Ama kapasitelerini artıramazlar mı? Şimdilerde Ataç ve Akgonca’nın aklını kurcalayan en önemli soru
bu, büyükşehirden hazzetmeyen, çocuklar nerede okuyacak sorusuna? Bisikletlerine atlayıp köy
okuluna gidecekler, ne olacaktı diye cevap veren bu naif ve güzel insanlar hayatlarını daha da
karmaşıklaştırmalılar mı? Daha çok üretim, daha çok çalışan, daha çok sorunla boğuşmalılar mı? Biz
onların yerine cevap verelim, hiç sanmıyoruz. =)

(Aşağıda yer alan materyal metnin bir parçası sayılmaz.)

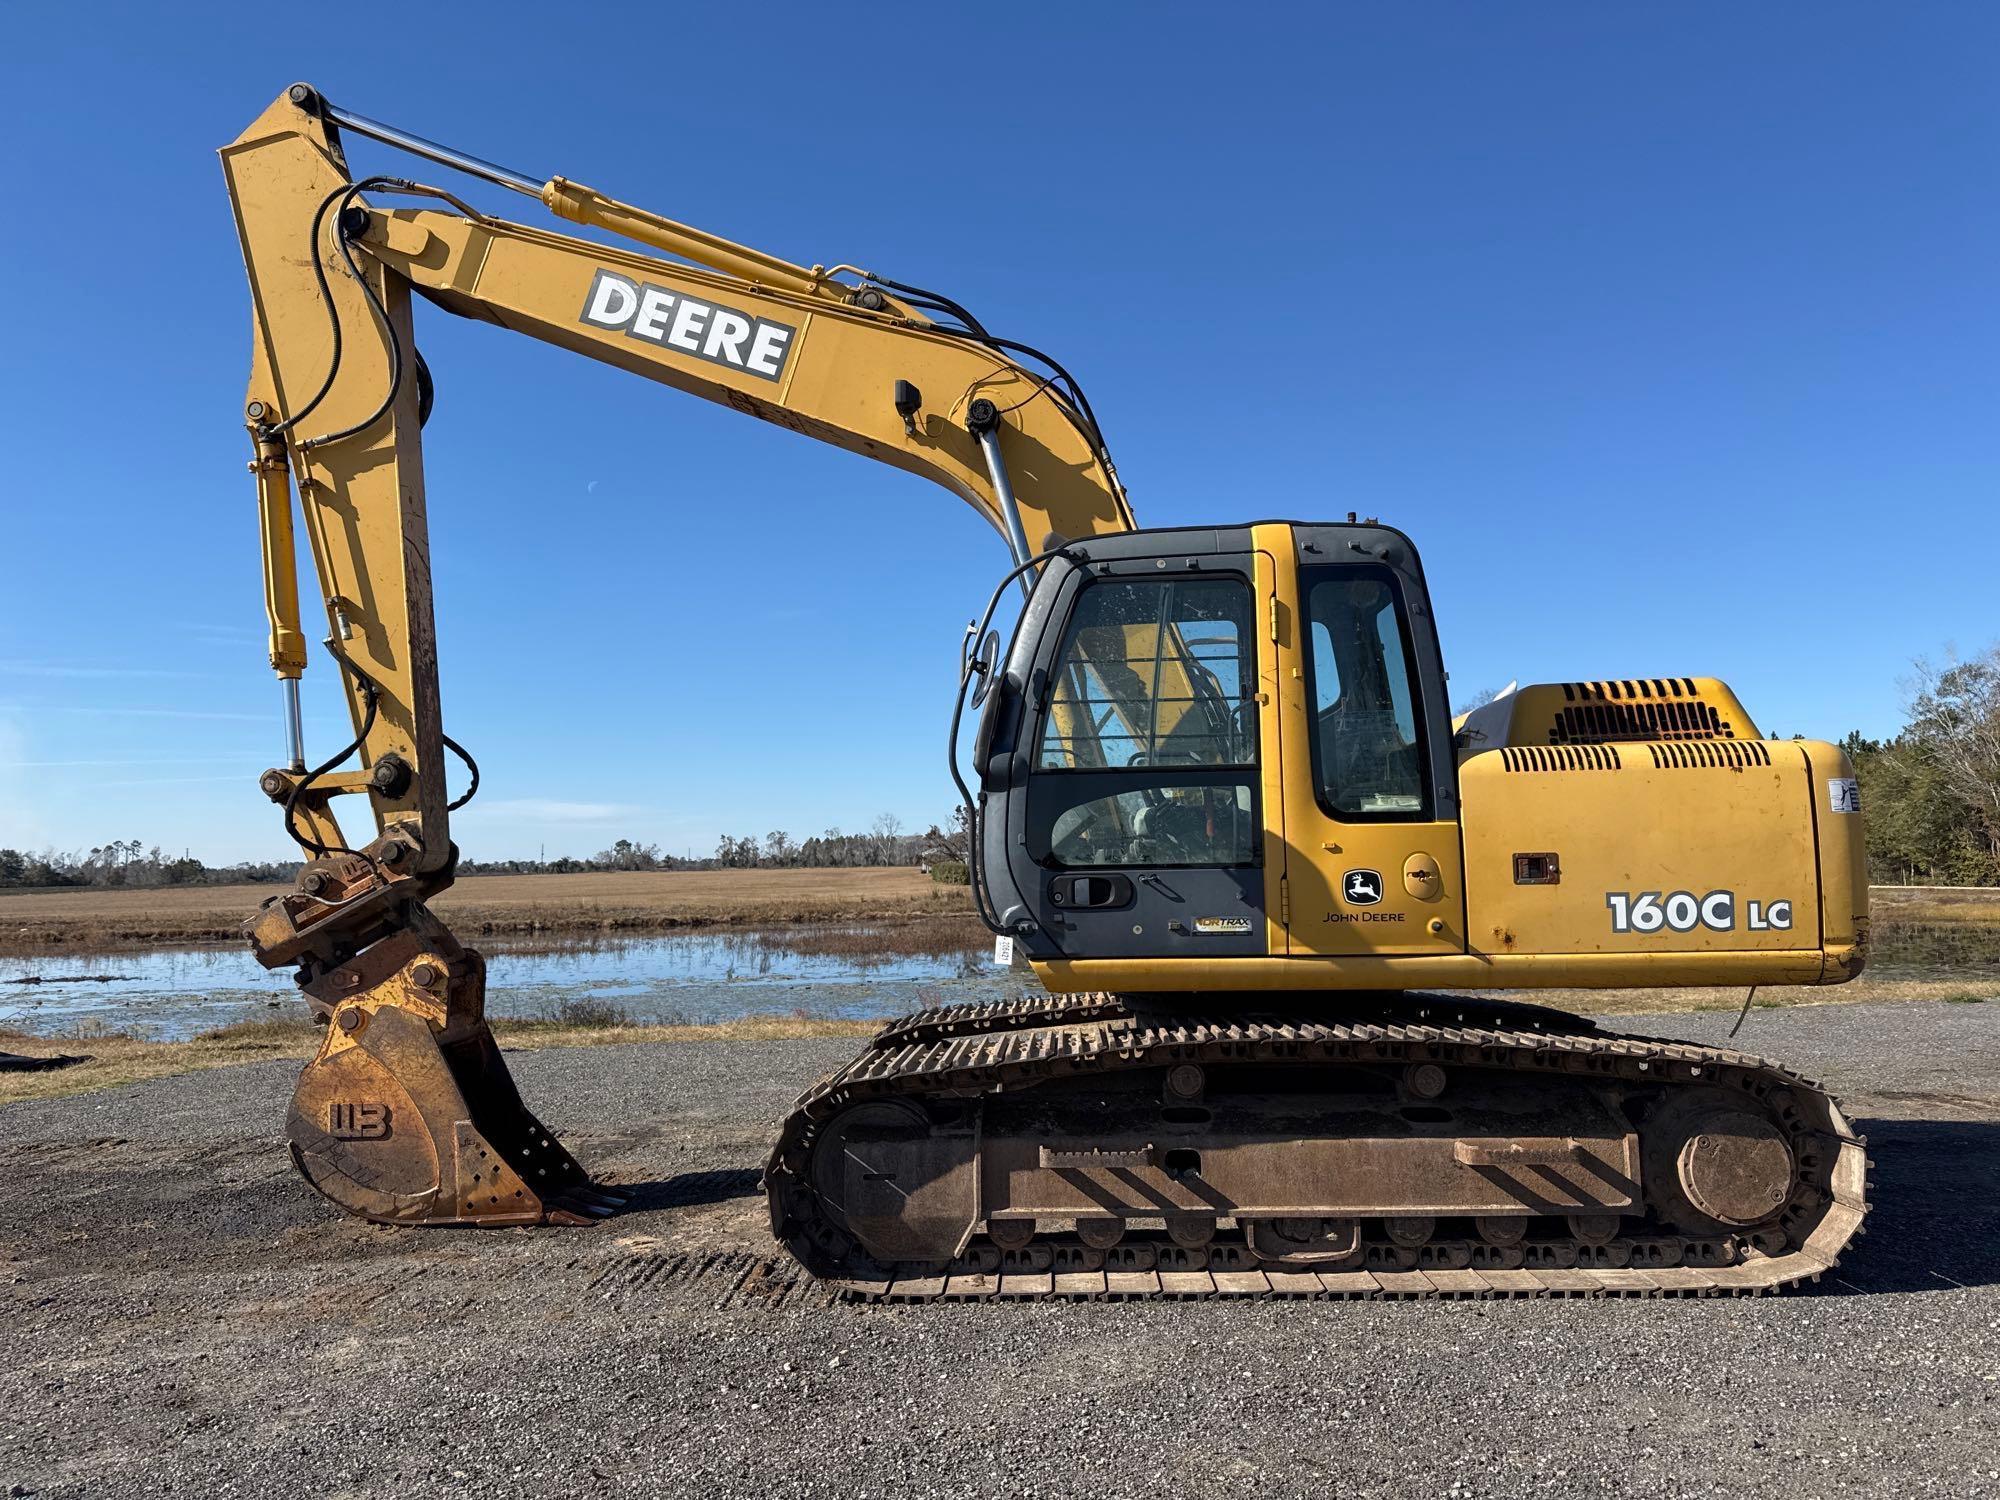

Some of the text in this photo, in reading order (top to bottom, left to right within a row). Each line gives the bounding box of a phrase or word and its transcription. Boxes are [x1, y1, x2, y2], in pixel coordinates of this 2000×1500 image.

[588, 275, 789, 376] DEERE
[1323, 912, 1405, 922] JOHN DEERE
[1610, 893, 1790, 930] 160C LC
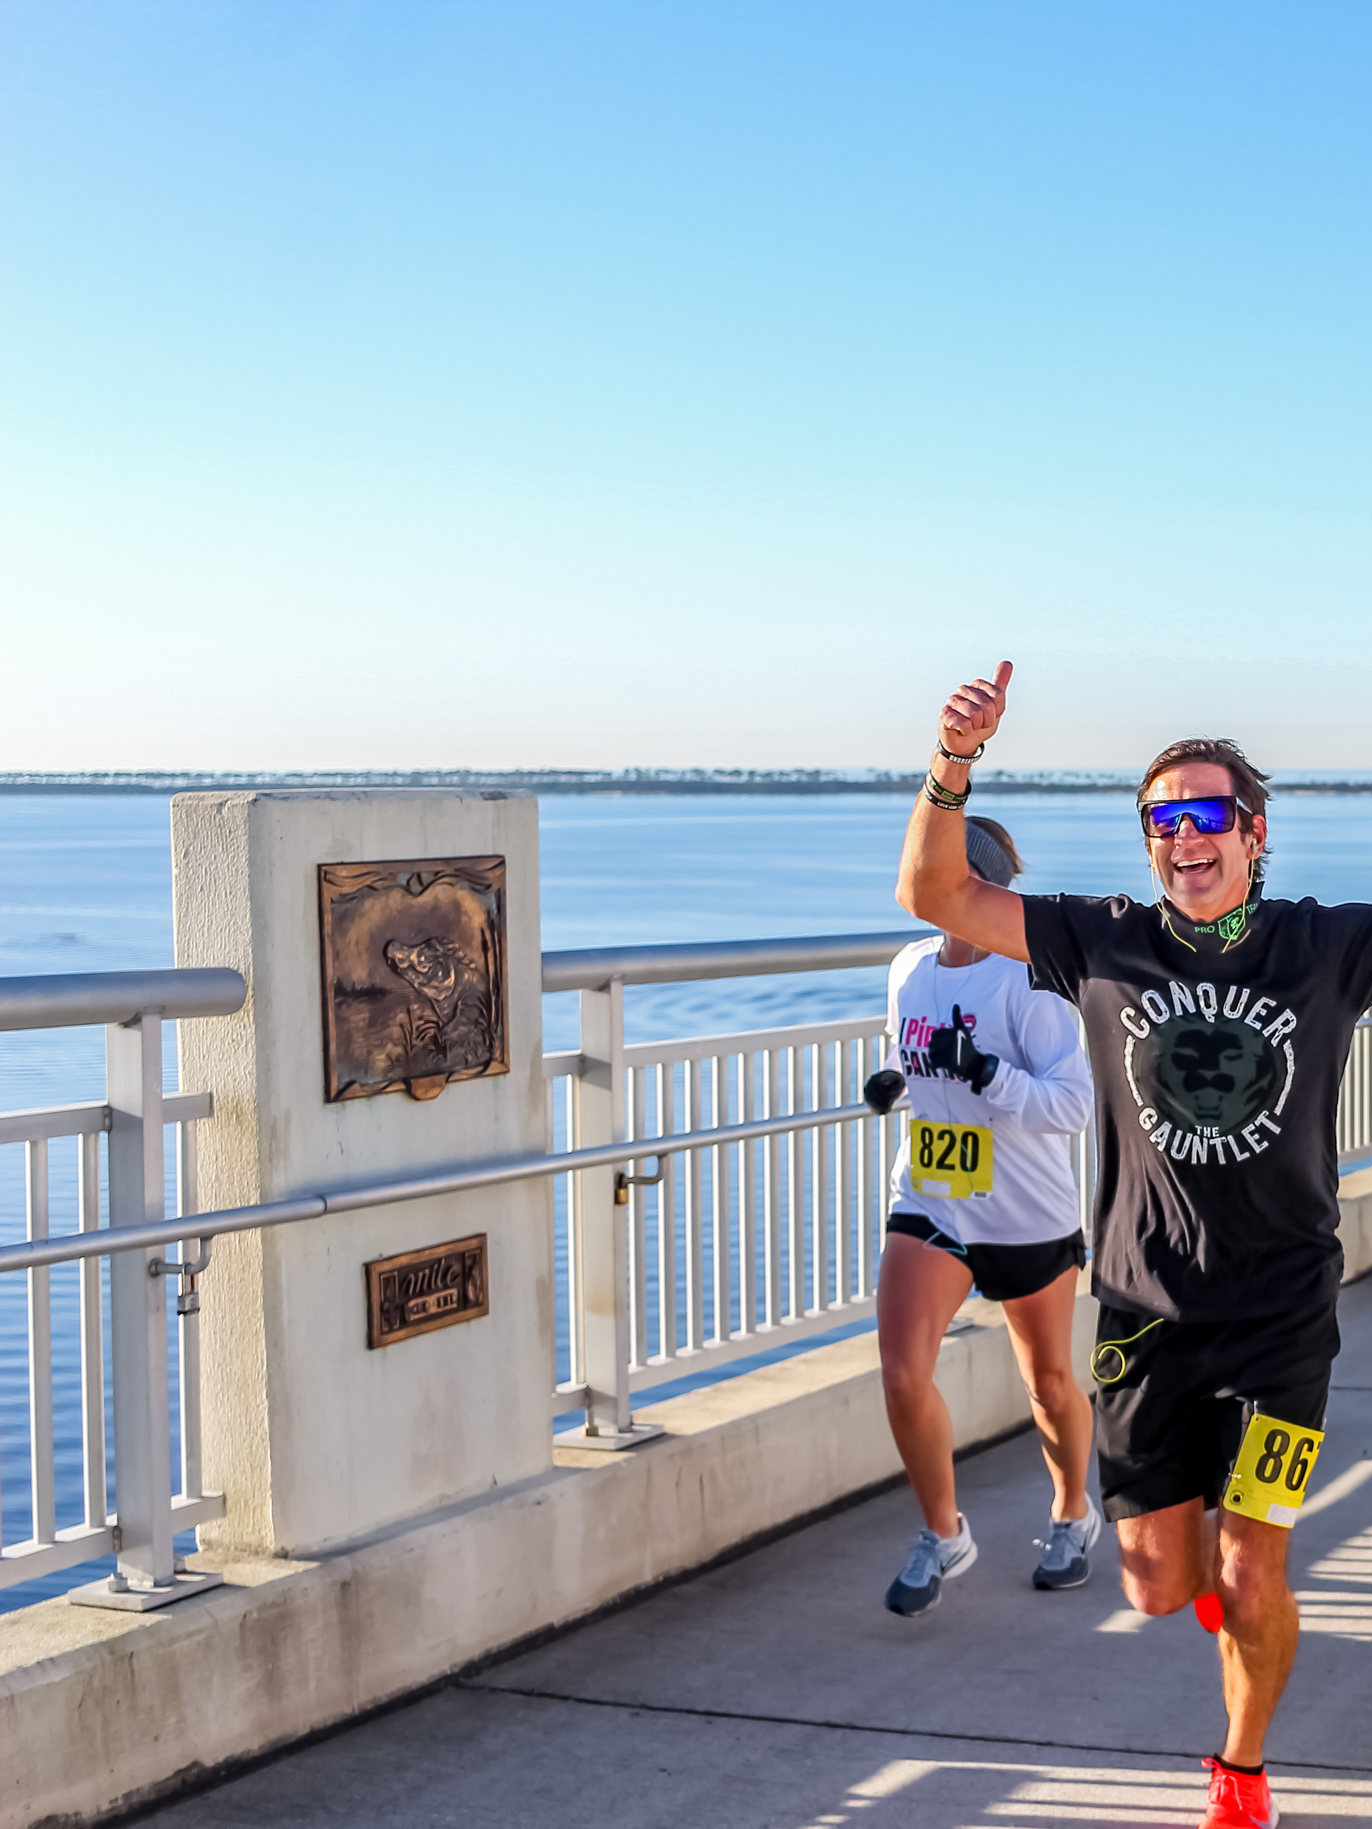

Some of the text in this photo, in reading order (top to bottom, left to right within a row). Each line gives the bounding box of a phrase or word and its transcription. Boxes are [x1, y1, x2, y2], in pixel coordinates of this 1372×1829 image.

[1194, 925, 1215, 934] PRO
[1120, 980, 1297, 1047] CONQUER
[919, 1126, 979, 1173] 820
[1138, 1107, 1281, 1165] GAUNTLET
[1195, 1125, 1219, 1137] THE
[1255, 1428, 1320, 1491] 86

Ülkedeki asıl sorun yeterince butik bira üreticisi olmaması, gönül ister ki pek çok üretici yer alsın
pzarda, her insanın sevdiği, favorisi olan farklı biralar bulunsun, biri damak tadına uymuyor mu? Hay
hay, gitsin diğerini denesin. Neyse ki Gara Guzu butik bira işinin öncülü olarak kapıyı açtı,
yapılabileceğini gösterdi. Cesareti gösterdikleri, böyle güzel biralar yaparak damak tadımızı
dönüştürmeye başladıkları için onlara ne kadar teşekkür etsek az çünkü fark edeceğiniz üzere ne olursa
olsun sürecin sonunda kazanan bizler, tüketiciler olacağız.
Herkesin damak tadına uyan biralar yapma derdinde değiliz, neyi seviyorsak onu yapıyoruz diyor Besi
Çifti son olarak, dünya tatlısı insanlar, birayı seviyor, özenle üretiyorlar. Ziyaretimiz sonlanırken
içimizden geçen şey bundan gayri Gara Guzu’yu aldığımızda çekirdek aile işletmesine katkımız
olduğu aklımıza gelecek; kocaman şirketlerde çalışan ve bizi yıllarca aynı biralara mahkum eden
müdürlerin maaşlarına katkımız olsun istemiyor gibiyiz.

Gitmeden evvel isli biralara bayılırız, yapmayı düşünmez misiniz diyoruz en şirin halimizle, maalesef
damak tadımıza uymuyor, o nedenle bu isteğin gerçekleşme ihtimali zayıf diye cevap verseler bile
aslında iyi bir Pilsner üretmek amacındayız diye devam ediyorlar. Tamam diyoruz, onu bekleyelim. =)

Kocaman sevgiler Gara Guzu, biraya olan aşkınızı hiç kaybetmeyin.